--- TASK INPUTS Enclosed Below ---

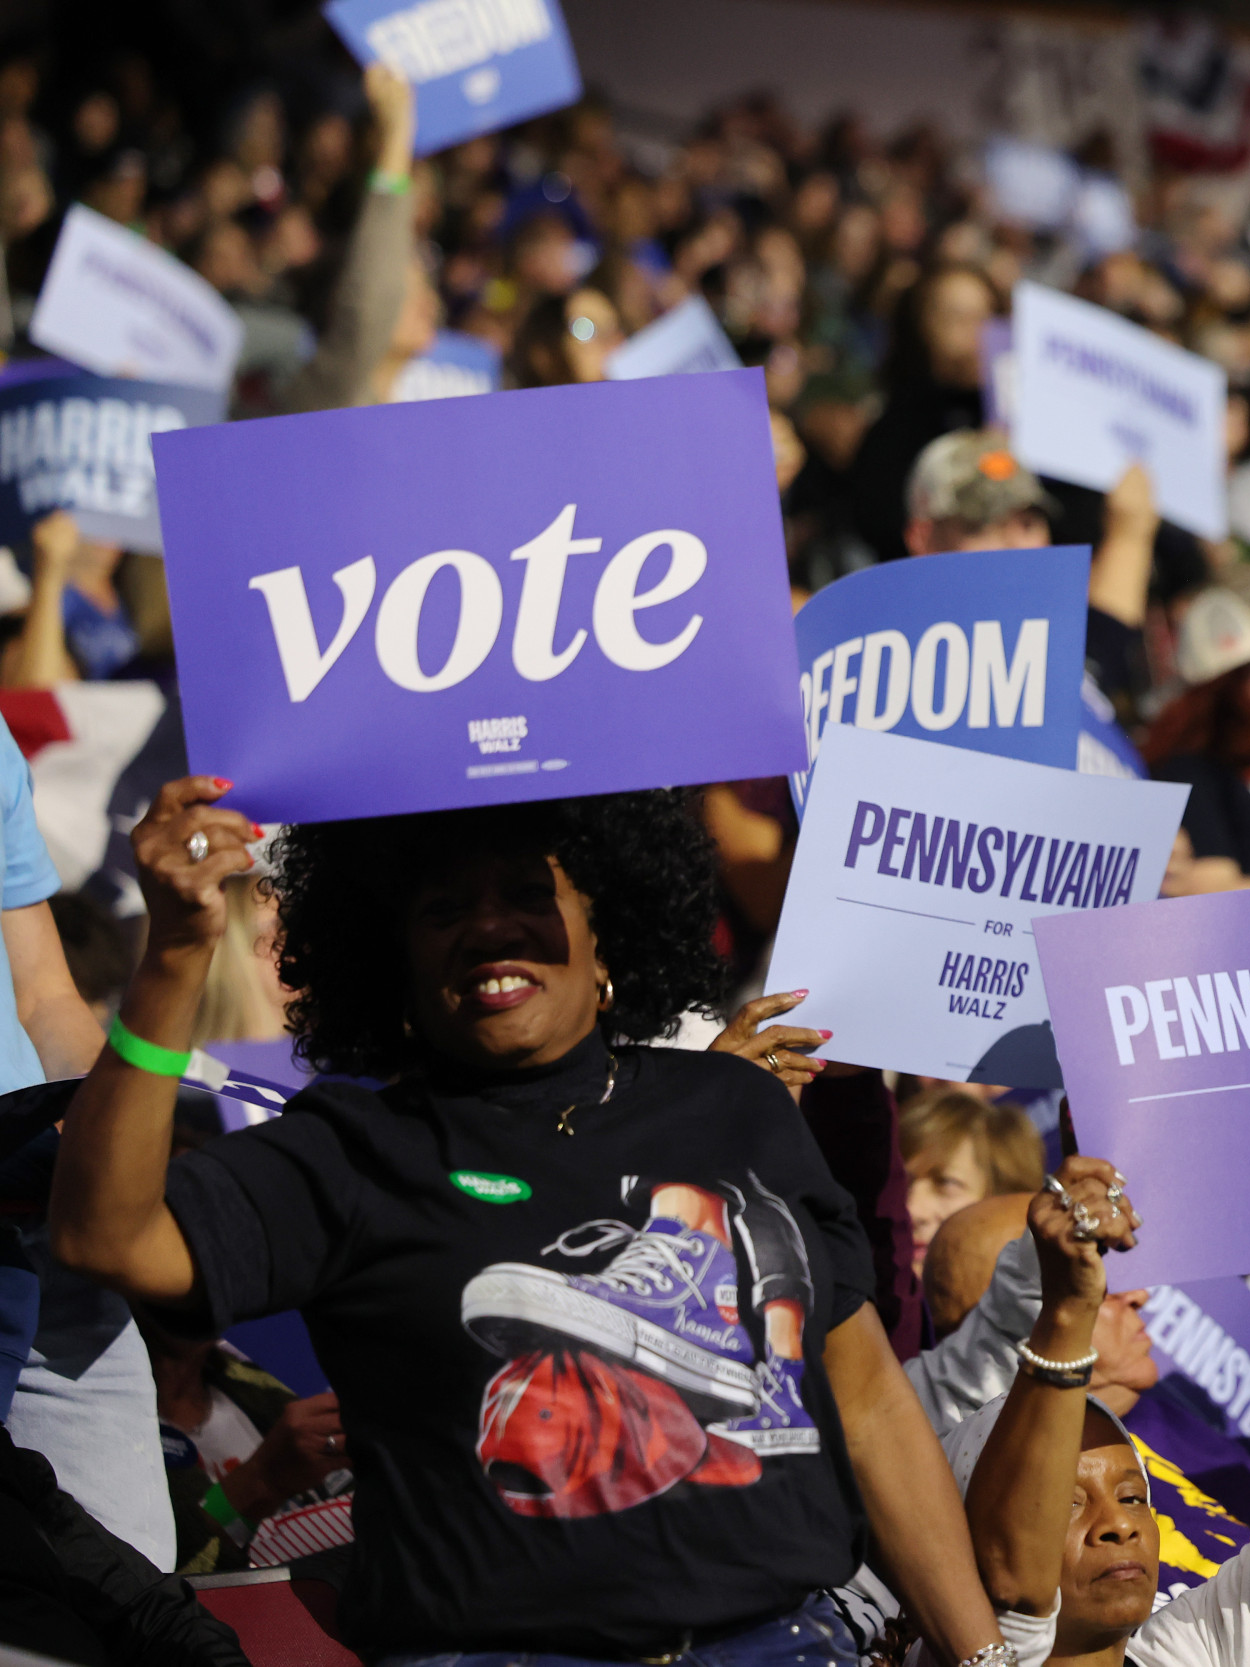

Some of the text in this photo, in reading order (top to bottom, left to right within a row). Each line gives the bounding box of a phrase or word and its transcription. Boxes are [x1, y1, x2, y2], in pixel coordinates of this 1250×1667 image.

[249, 503, 708, 703] vote
[467, 715, 529, 744] HARRIS
[794, 618, 1049, 806] REEDOM
[478, 737, 521, 755] WALZ
[844, 800, 1141, 909] PENNSYLVANIA
[983, 919, 1014, 937] FOR
[937, 951, 1030, 998] HARRIS
[948, 994, 1007, 1020] WALZ
[673, 1303, 742, 1352] Kamala

--- End of Enclosed TASK INPUTS ---

> TASK DESCRIPTION
Return the preceding entries verbatim, with the pictures excluded.

> SOLUTION TO THE EXERCISE
Some of the text in this photo, in reading order (top to bottom, left to right within a row). Each line gives the bounding box of a phrase or word and its transcription. Boxes are [x1, y1, x2, y2], in pixel coordinates of this 1250×1667 image.

[249, 503, 708, 703] vote
[467, 715, 529, 744] HARRIS
[794, 618, 1049, 806] REEDOM
[478, 737, 521, 755] WALZ
[844, 800, 1141, 909] PENNSYLVANIA
[983, 919, 1014, 937] FOR
[937, 951, 1030, 998] HARRIS
[948, 994, 1007, 1020] WALZ
[673, 1303, 742, 1352] Kamala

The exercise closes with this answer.